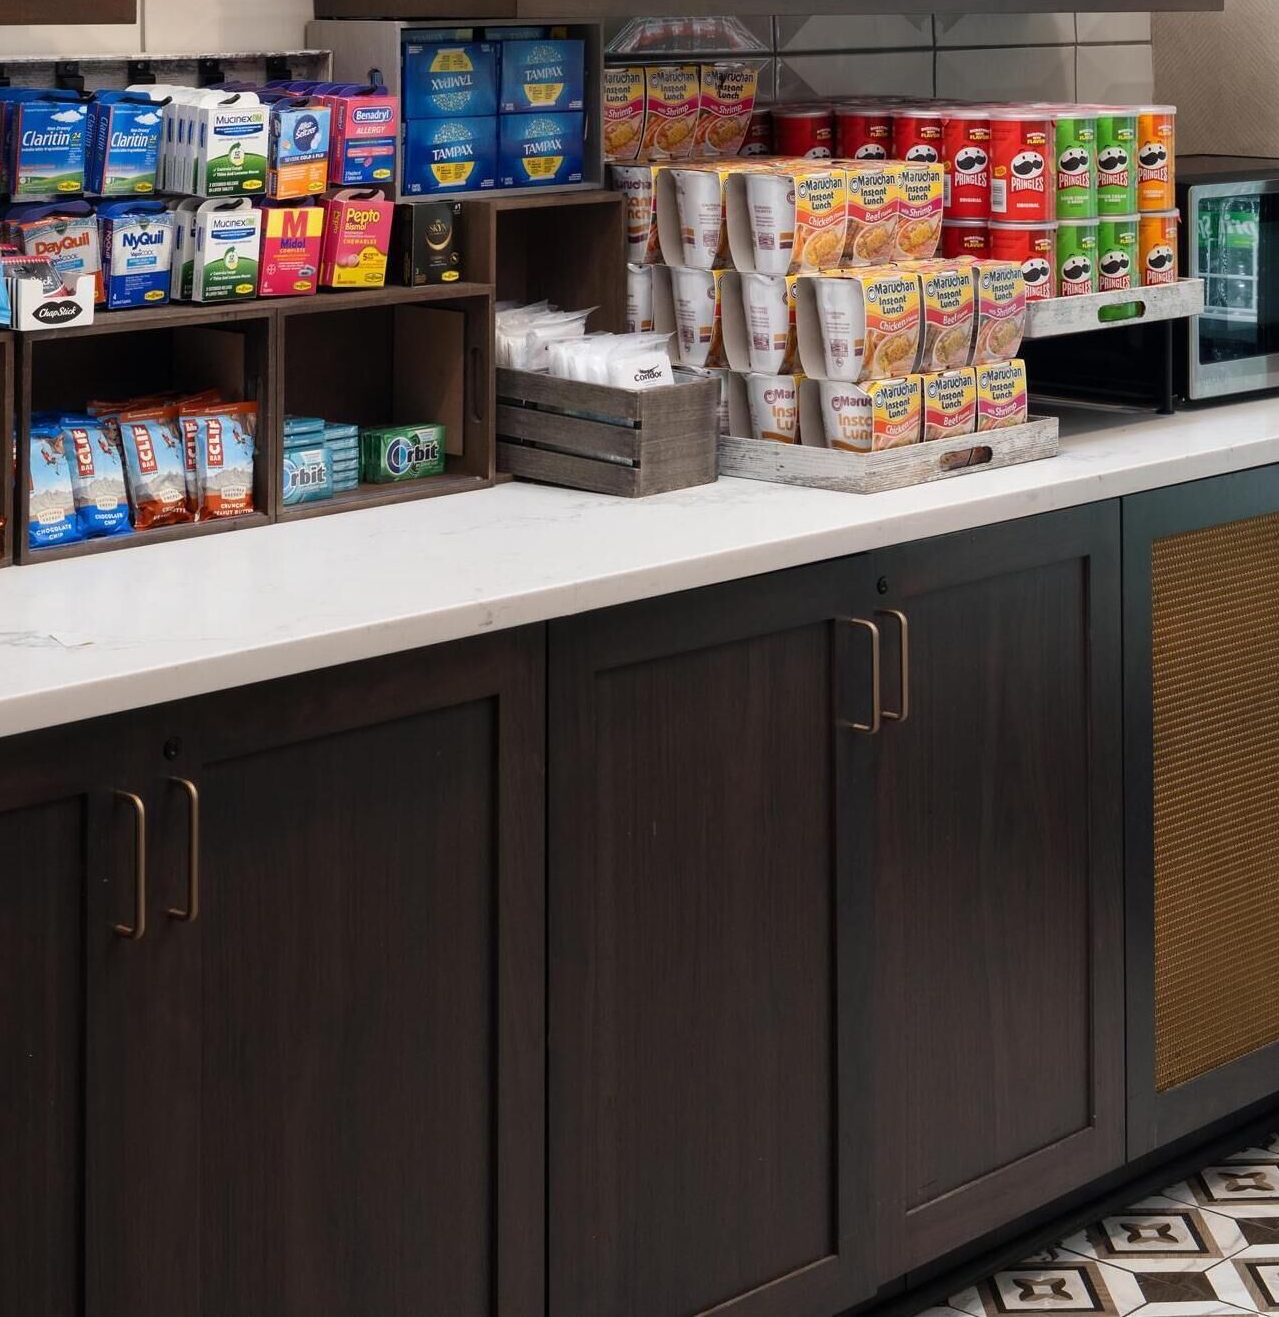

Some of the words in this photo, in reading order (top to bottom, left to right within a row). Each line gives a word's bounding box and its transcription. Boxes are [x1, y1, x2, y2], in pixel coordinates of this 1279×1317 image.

[525, 65, 564, 82] TAMPAX
[431, 73, 474, 91] TAMPAX
[355, 109, 390, 123] Benadryl
[608, 105, 633, 118] Shrimp
[666, 104, 689, 116] Shrimp
[296, 126, 317, 140] Seltzer
[355, 126, 386, 134] ALLERGY
[22, 130, 70, 148] Claritin
[111, 132, 149, 148] Claritin
[432, 143, 474, 161] TAMPAX
[523, 138, 562, 156] TAMPAX
[857, 173, 895, 187] Maruchan
[902, 172, 940, 183] Maruchan
[954, 171, 987, 187] PRINGLES
[1058, 171, 1090, 188] PRINGLES
[1097, 170, 1128, 187] PRINGLES
[1138, 166, 1168, 183] PRINGLES
[806, 178, 843, 191] Maruchan
[905, 184, 931, 193] Instant
[1010, 176, 1044, 192] PRINGLES
[809, 192, 834, 202] Instant
[861, 187, 887, 197] Instant
[908, 192, 928, 201] Lunch
[812, 201, 831, 211] Lunch
[863, 196, 885, 206] Lunch
[282, 210, 309, 233] M
[346, 208, 380, 224] Pepto
[808, 215, 835, 225] Chicken
[865, 211, 881, 222] Beef
[345, 222, 366, 231] Bismol
[34, 233, 91, 257] DayQuil
[122, 232, 164, 251] NyQuil
[280, 237, 306, 249] Midol
[874, 280, 916, 295] Maruchan
[933, 274, 970, 288] Maruchan
[1062, 280, 1091, 296] PRINGLES
[879, 295, 907, 306] Instant
[936, 289, 962, 300] Instant
[882, 304, 904, 315] Lunch
[940, 299, 960, 309] Lunch
[38, 305, 78, 318] ChapStick
[879, 319, 907, 330] Chicken
[942, 313, 958, 325] Beef
[633, 371, 662, 382] Condor
[987, 367, 1022, 382] Maruchan
[935, 375, 973, 390] Maruchan
[995, 402, 1017, 417] Shrimp
[943, 415, 958, 426] Beef
[885, 423, 910, 435] Chicken
[134, 426, 154, 462] CLIF
[206, 418, 222, 456] CLIF
[73, 429, 92, 464] CLIF
[386, 437, 440, 475] Orbit
[36, 524, 71, 536] CHOCOLATE
[48, 532, 64, 540] CHIP

• • • •

Reproduce the material exactly; omit the pictures.

Some of the words in this photo, in reading order (top to bottom, left to right within a row). Each line gives a word's bounding box and its transcription. Boxes are [x1, y1, x2, y2], in pixel coordinates of this 1279×1317 image.

[525, 65, 564, 82] TAMPAX
[431, 73, 474, 91] TAMPAX
[355, 109, 390, 123] Benadryl
[608, 105, 633, 118] Shrimp
[666, 104, 689, 116] Shrimp
[296, 126, 317, 140] Seltzer
[355, 126, 386, 134] ALLERGY
[22, 130, 70, 148] Claritin
[111, 132, 149, 148] Claritin
[432, 143, 474, 161] TAMPAX
[523, 138, 562, 156] TAMPAX
[857, 173, 895, 187] Maruchan
[902, 172, 940, 183] Maruchan
[954, 171, 987, 187] PRINGLES
[1058, 171, 1090, 188] PRINGLES
[1097, 170, 1128, 187] PRINGLES
[1138, 166, 1168, 183] PRINGLES
[806, 178, 843, 191] Maruchan
[905, 184, 931, 193] Instant
[1010, 176, 1044, 192] PRINGLES
[809, 192, 834, 202] Instant
[861, 187, 887, 197] Instant
[908, 192, 928, 201] Lunch
[812, 201, 831, 211] Lunch
[863, 196, 885, 206] Lunch
[282, 210, 309, 233] M
[346, 208, 380, 224] Pepto
[808, 215, 835, 225] Chicken
[865, 211, 881, 222] Beef
[345, 222, 366, 231] Bismol
[34, 233, 91, 257] DayQuil
[122, 232, 164, 251] NyQuil
[280, 237, 306, 249] Midol
[874, 280, 916, 295] Maruchan
[933, 274, 970, 288] Maruchan
[1062, 280, 1091, 296] PRINGLES
[879, 295, 907, 306] Instant
[936, 289, 962, 300] Instant
[882, 304, 904, 315] Lunch
[940, 299, 960, 309] Lunch
[38, 305, 78, 318] ChapStick
[879, 319, 907, 330] Chicken
[942, 313, 958, 325] Beef
[633, 371, 662, 382] Condor
[987, 367, 1022, 382] Maruchan
[935, 375, 973, 390] Maruchan
[995, 402, 1017, 417] Shrimp
[943, 415, 958, 426] Beef
[885, 423, 910, 435] Chicken
[134, 426, 154, 462] CLIF
[206, 418, 222, 456] CLIF
[73, 429, 92, 464] CLIF
[386, 437, 440, 475] Orbit
[36, 524, 71, 536] CHOCOLATE
[48, 532, 64, 540] CHIP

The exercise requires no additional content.